> EXERCISE REQUIREMENTS: Please repeat the data exactly. Any picture in it stays out.

Segment Start: EXTRACTED MATERIAL

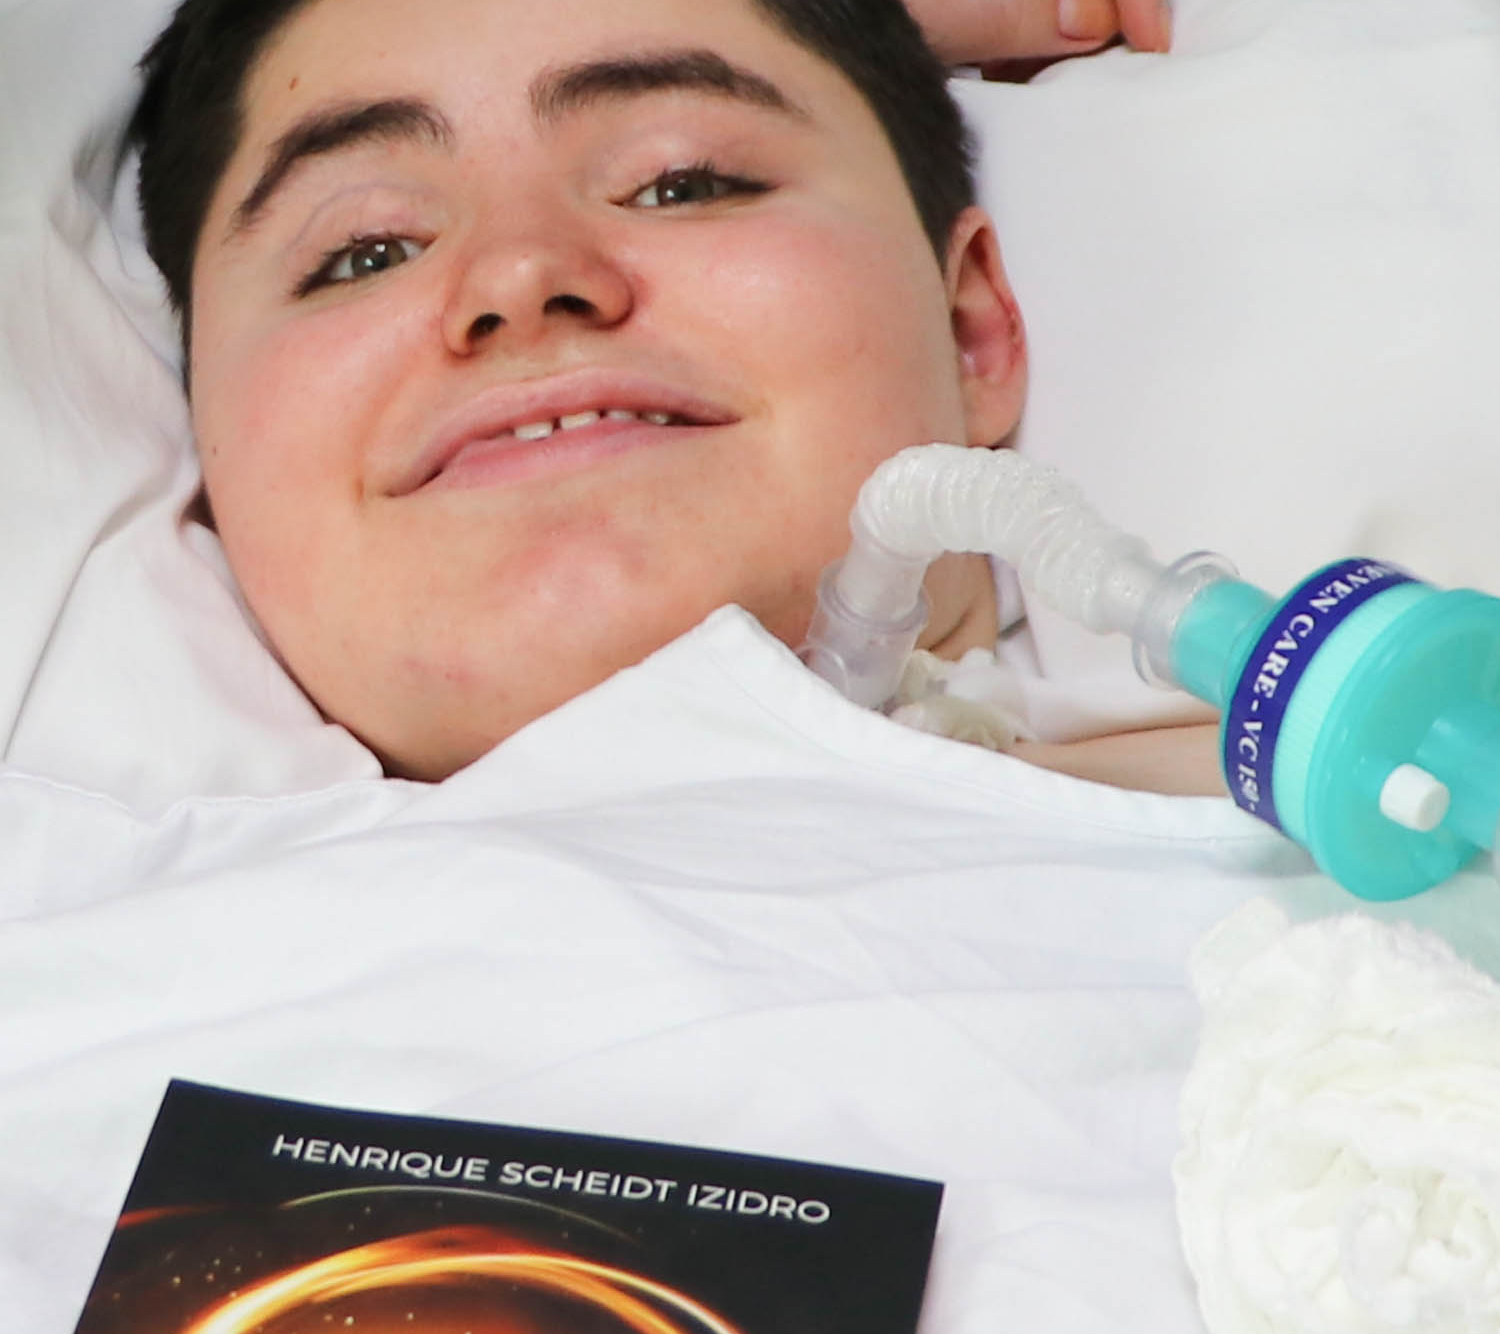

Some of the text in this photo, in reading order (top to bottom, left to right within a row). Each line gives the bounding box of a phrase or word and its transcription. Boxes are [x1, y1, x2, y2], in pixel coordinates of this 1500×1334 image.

[1253, 613, 1315, 699] CARE
[1239, 721, 1263, 763] VC
[271, 1133, 831, 1225] HENRIQUE SCHEIDT IZIDRO
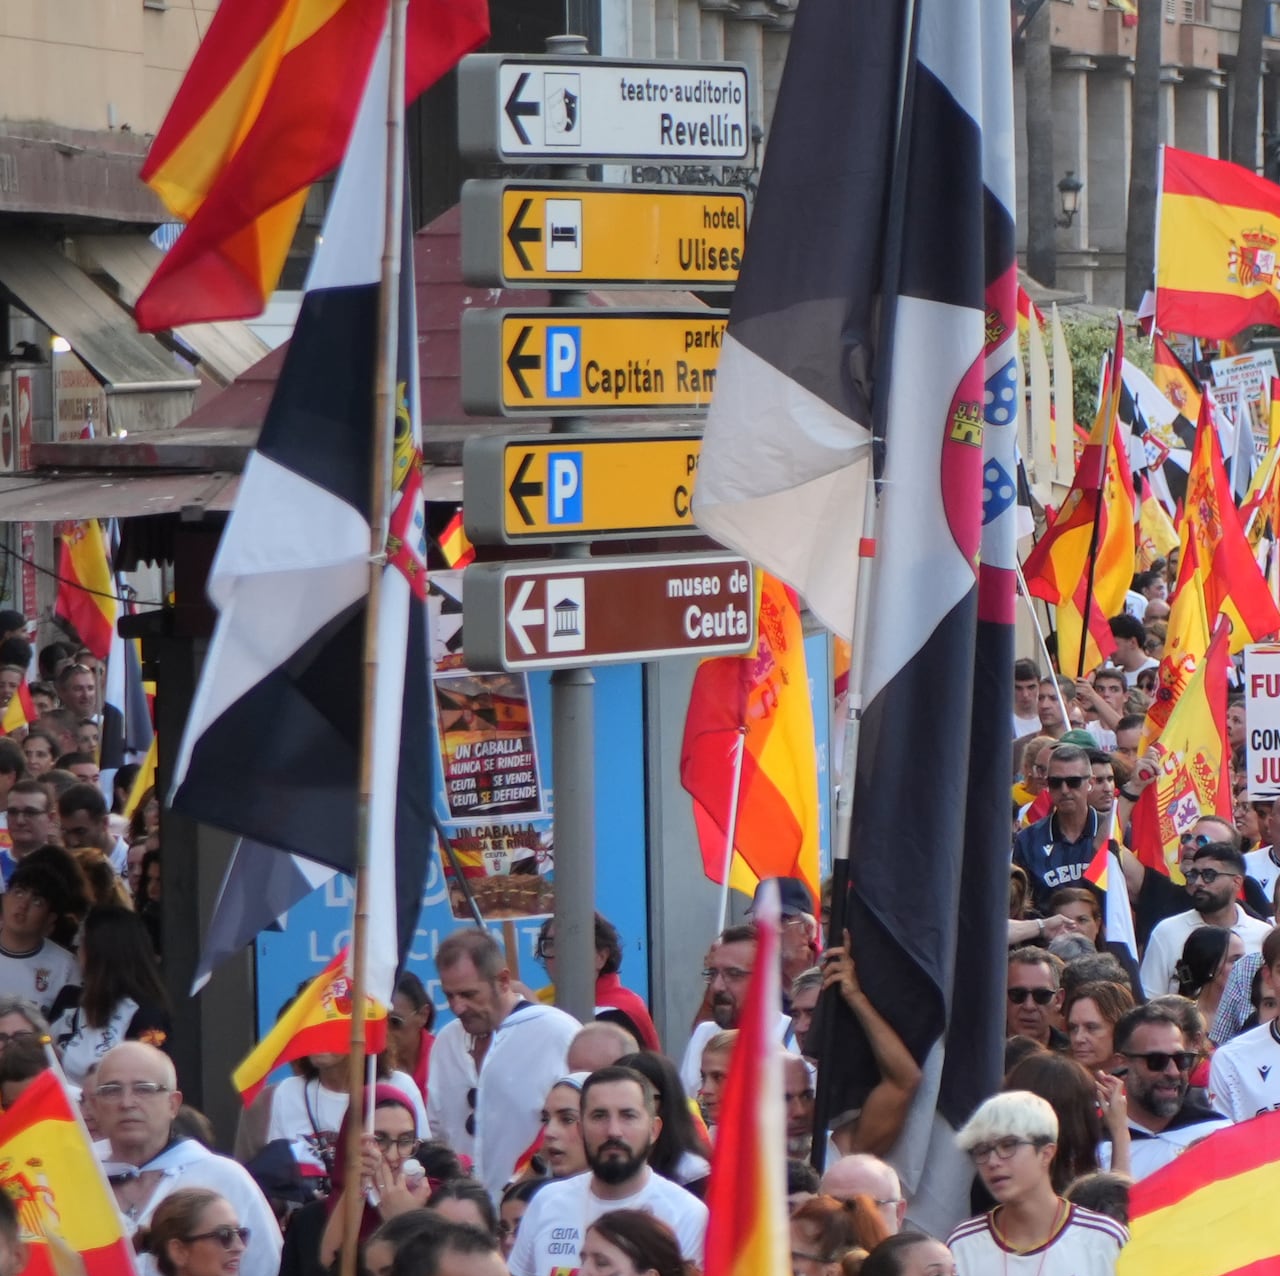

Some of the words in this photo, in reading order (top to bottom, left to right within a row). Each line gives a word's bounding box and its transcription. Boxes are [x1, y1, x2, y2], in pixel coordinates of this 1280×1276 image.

[621, 77, 742, 104] teatro-auditorio
[660, 113, 743, 147] Revellín
[703, 205, 741, 229] hotel
[679, 238, 741, 271] Ulises
[685, 325, 724, 352] parki
[552, 333, 577, 392] P
[585, 359, 664, 399] Capitán
[677, 360, 717, 393] Ram
[1214, 392, 1239, 405] CEUT
[554, 459, 578, 518] P
[667, 576, 720, 598] museo
[730, 569, 748, 594] de
[685, 603, 748, 639] Ceuta
[455, 744, 471, 760] UN
[474, 738, 523, 758] CABALLA
[450, 761, 480, 775] NUNCA
[483, 758, 495, 771] SE
[497, 754, 532, 769] RINDE!!
[450, 778, 477, 792] CEUTA
[493, 775, 503, 787] SE
[505, 771, 535, 786] VENDE,
[452, 792, 478, 807] CEUTA
[480, 791, 492, 804] SE
[493, 786, 537, 802] DEFIENDE
[456, 827, 472, 839] UN
[475, 822, 536, 839] CABALLA
[1043, 863, 1091, 888] CEU
[552, 1228, 580, 1240] CEUTA
[548, 1243, 576, 1255] CEUTA
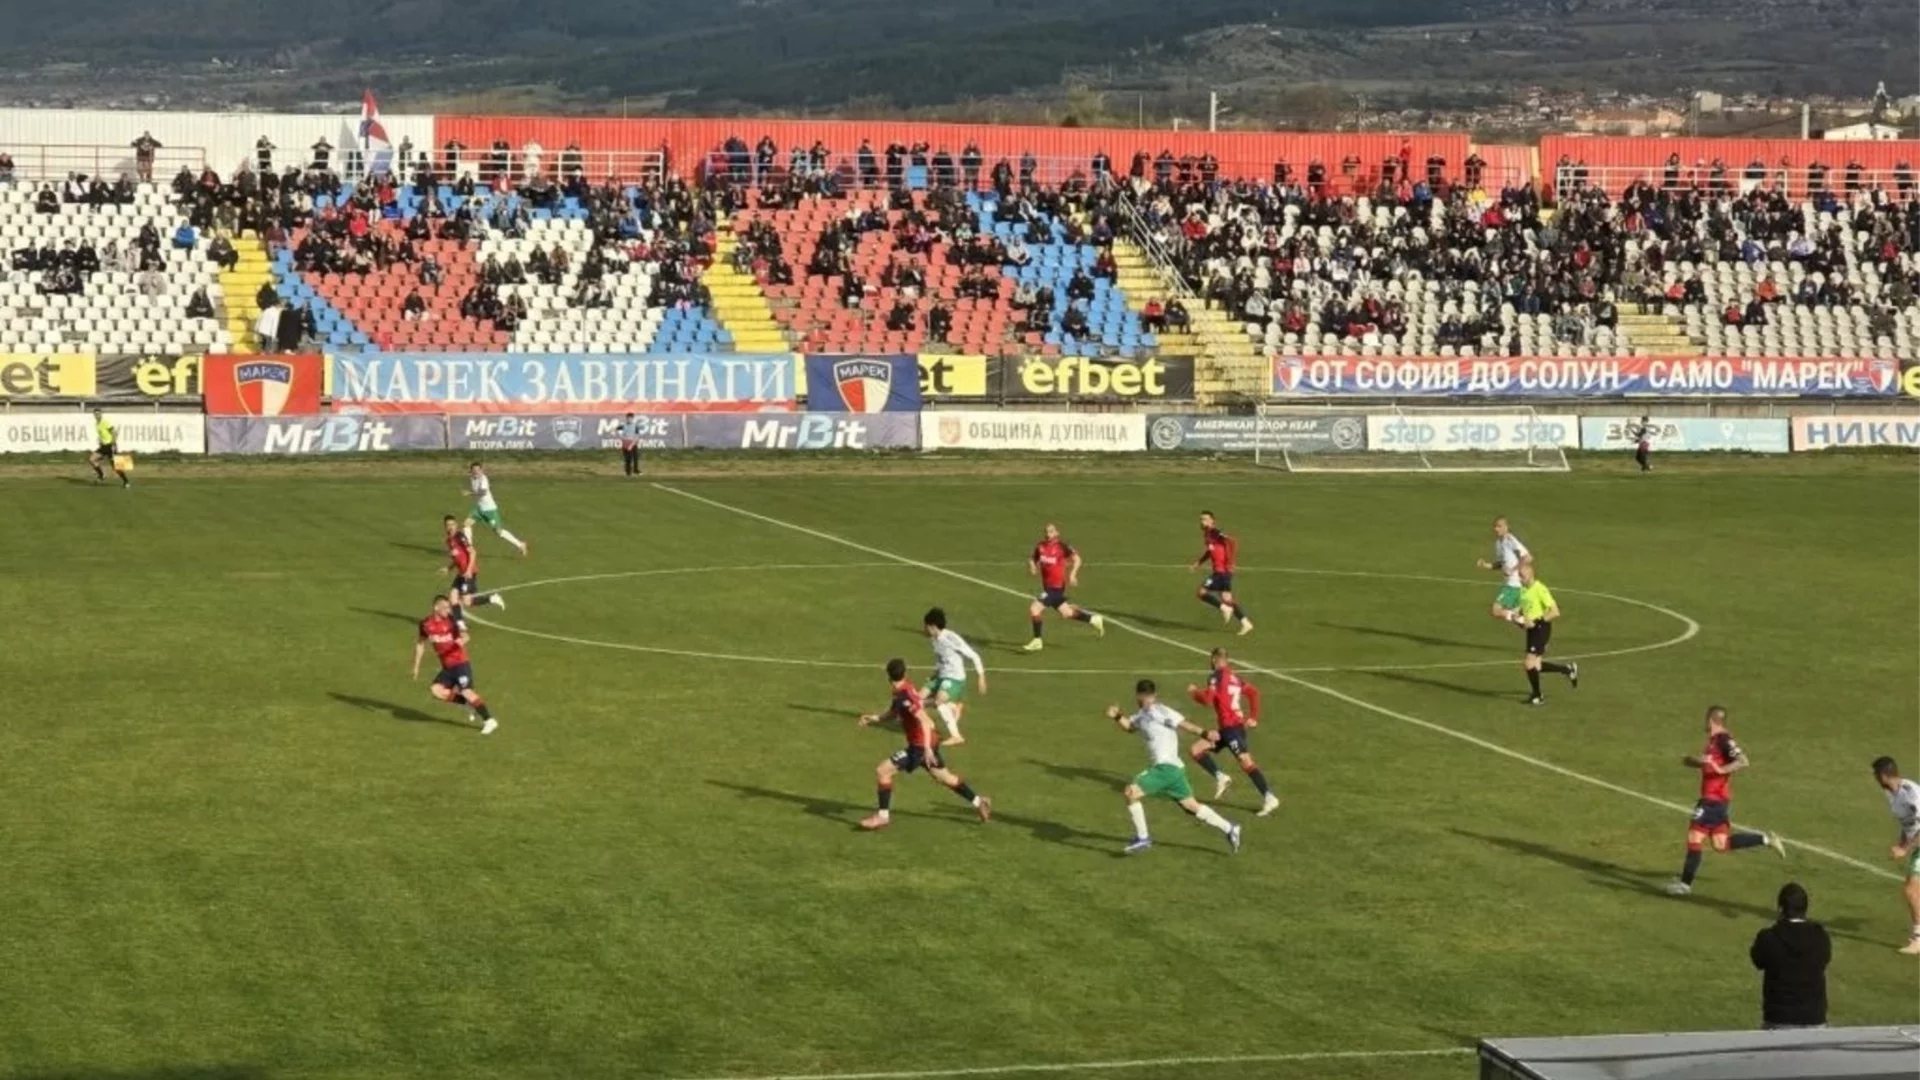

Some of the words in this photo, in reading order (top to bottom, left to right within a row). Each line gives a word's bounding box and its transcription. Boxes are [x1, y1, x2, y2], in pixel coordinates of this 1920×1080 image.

Segment End: EXTRACTED MATERIAL

> FINISHED EXERCISE:
Some of the text in this photo, in reading order (top to bottom, left to right within a row). Each line gives the bounding box of a phrase or word and its transcription. Boxes are [x1, y1, x2, y2], in pixel coordinates of this 1500×1334 image.

[1253, 613, 1315, 699] CARE
[1239, 721, 1263, 763] VC
[271, 1133, 831, 1225] HENRIQUE SCHEIDT IZIDRO

Some of the words in this photo, in reading order (top to bottom, left to right within a row). Each line gives a word's bounding box and its transcription. Boxes are [x1, y1, x2, y2], in pixel coordinates of this 1280×1276 image.

[621, 77, 742, 104] teatro-auditorio
[660, 113, 743, 147] Revellín
[703, 205, 741, 229] hotel
[679, 238, 741, 271] Ulises
[685, 325, 724, 352] parki
[552, 333, 577, 392] P
[585, 359, 664, 399] Capitán
[677, 360, 717, 393] Ram
[1214, 392, 1239, 405] CEUT
[554, 459, 578, 518] P
[667, 576, 720, 598] museo
[730, 569, 748, 594] de
[685, 603, 748, 639] Ceuta
[455, 744, 471, 760] UN
[474, 738, 523, 758] CABALLA
[450, 761, 480, 775] NUNCA
[483, 758, 495, 771] SE
[497, 754, 532, 769] RINDE!!
[450, 778, 477, 792] CEUTA
[493, 775, 503, 787] SE
[505, 771, 535, 786] VENDE,
[452, 792, 478, 807] CEUTA
[480, 791, 492, 804] SE
[493, 786, 537, 802] DEFIENDE
[456, 827, 472, 839] UN
[475, 822, 536, 839] CABALLA
[1043, 863, 1091, 888] CEU
[552, 1228, 580, 1240] CEUTA
[548, 1243, 576, 1255] CEUTA

Some of the words in this photo, in reading order (top to bottom, left to right within a row). Each line gives a word's bounding box and its transcription. Boxes are [x1, y1, x2, y2], in pixel coordinates of this 1920×1080 image.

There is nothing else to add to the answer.